No, è falso.
Trascurando il tempo che impiega la luce del lampo a raggiungere l’osservatore e ponendolo prossimo a zero perché viaggia a 300.000 km/sec., il suono a 0°C viaggia a 331mt/sec., quindi, se passano 5 secondi, il lampo si trova a: 331*5 = 1655 mt dal punto d’osservazione.
Misurando costantemente il tempo ad ogni lampo ci si può fare un’idea se le manifestazioni temporalesche (che comprendono anche i fulmini), sono in avvicinamento o no.

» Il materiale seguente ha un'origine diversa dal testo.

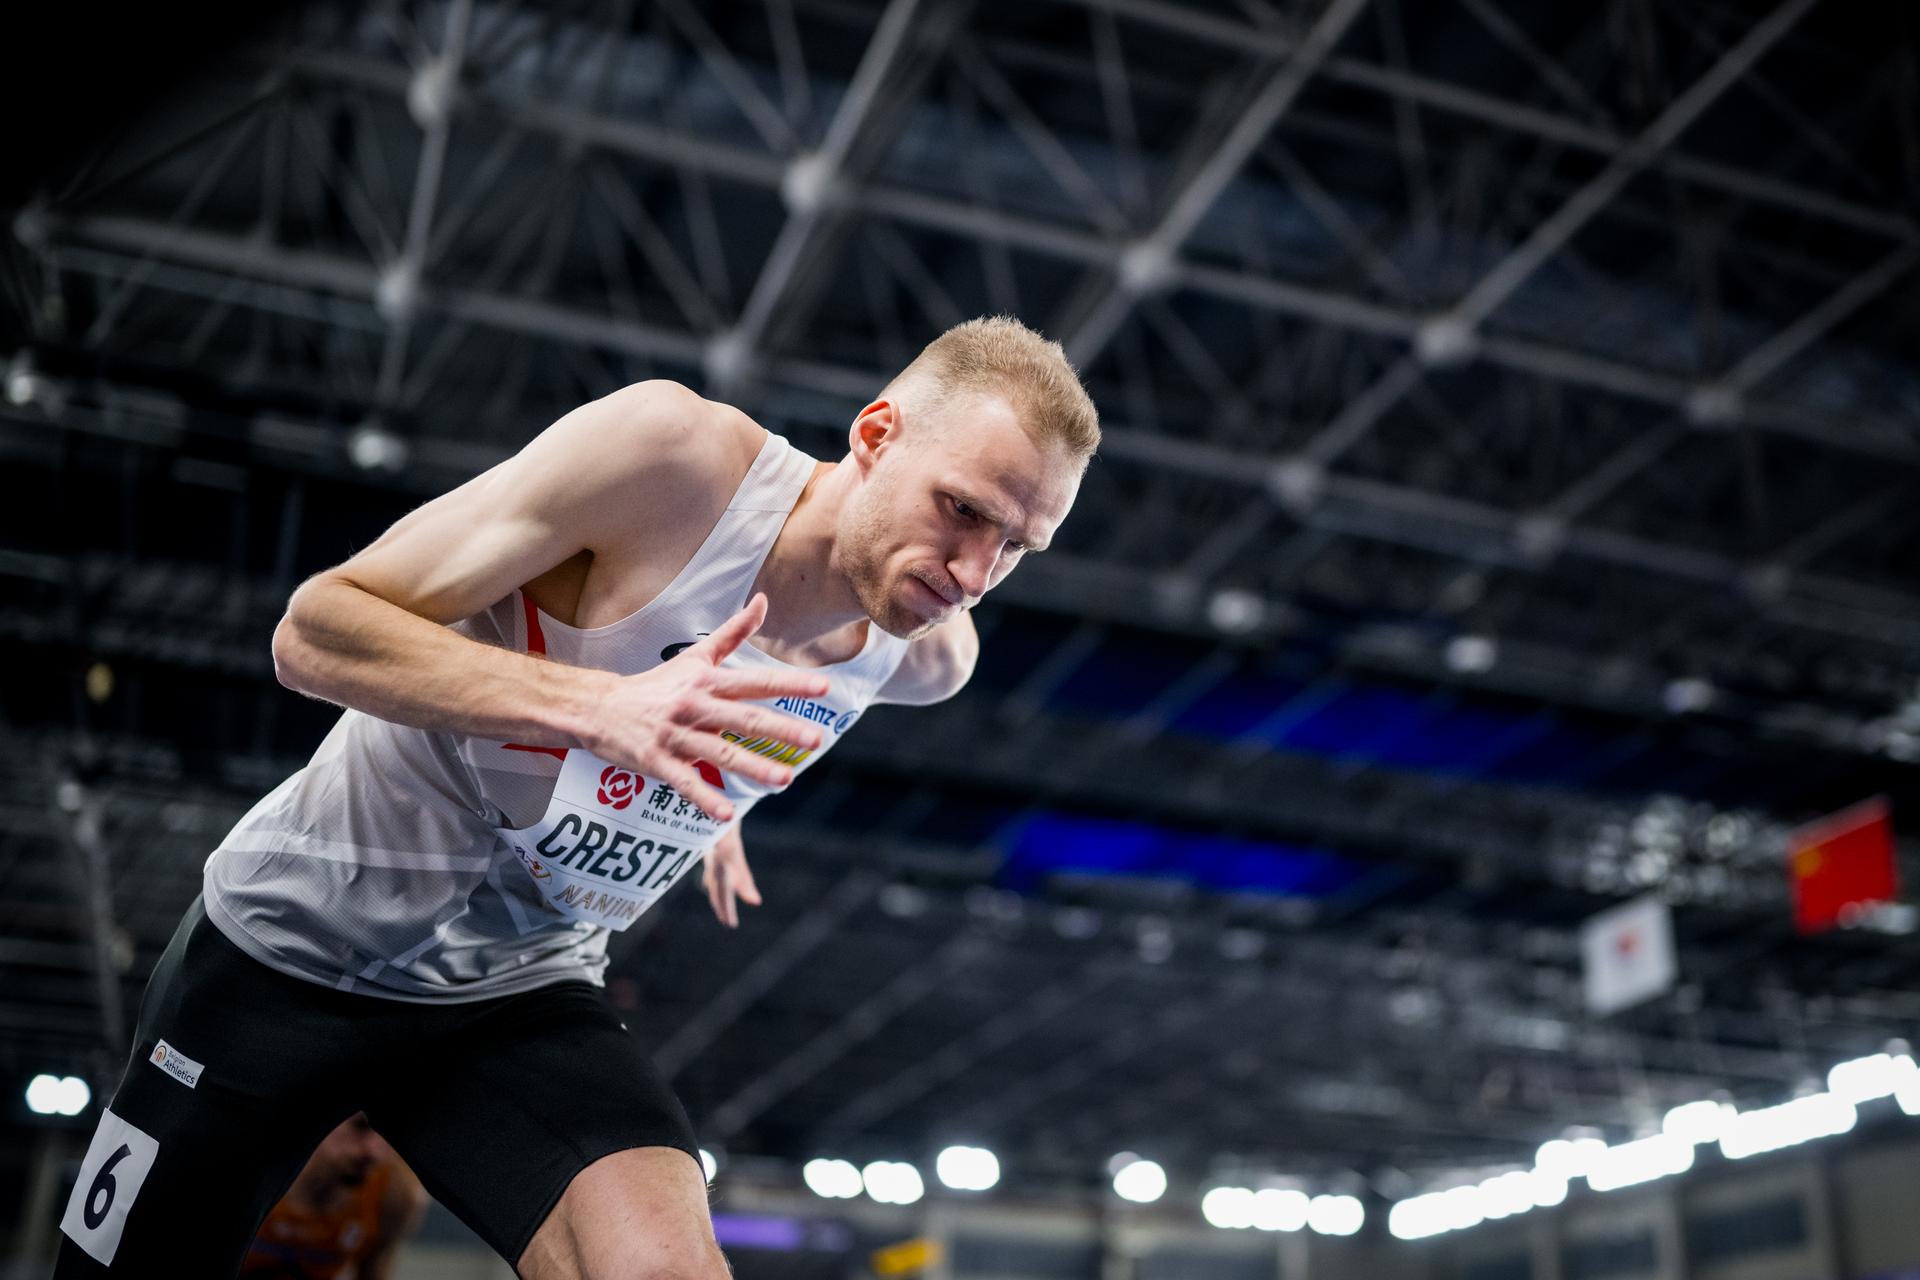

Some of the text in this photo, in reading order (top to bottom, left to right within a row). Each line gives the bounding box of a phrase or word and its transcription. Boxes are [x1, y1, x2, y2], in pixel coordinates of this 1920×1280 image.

[775, 695, 837, 726] Allianz
[641, 809, 670, 825] BANK
[670, 818, 683, 831] OF
[536, 813, 702, 890] CRESTA
[163, 1059, 195, 1085] Athletics
[167, 1050, 186, 1066] Belgian
[83, 1143, 132, 1231] 6

Il problema è quando non fai in tempo a contare fino a 1, perché significa che l’epicentro temporalesco sta passando a un raggio inferiore ai 300 mt da te e nella peggiore delle ipotesi proprio sulla tua testa, in quel caso meglio adottare strategie cautelative all’istante, come staccare l’interruttore generale della luce, staccare il cavo dalla TV e allontanarlo da esso, indossare calzature con suola in gomma, e aspettare, solitamente i venti spostano rapidamente le nubi e di conseguenza anche queste potenti scariche elettriche.
Però state tranquilli, oggi tutti gli edifici hanno una messa a terra che protegge da gran parte di eventi simili (se c’è un impianto parafulmine).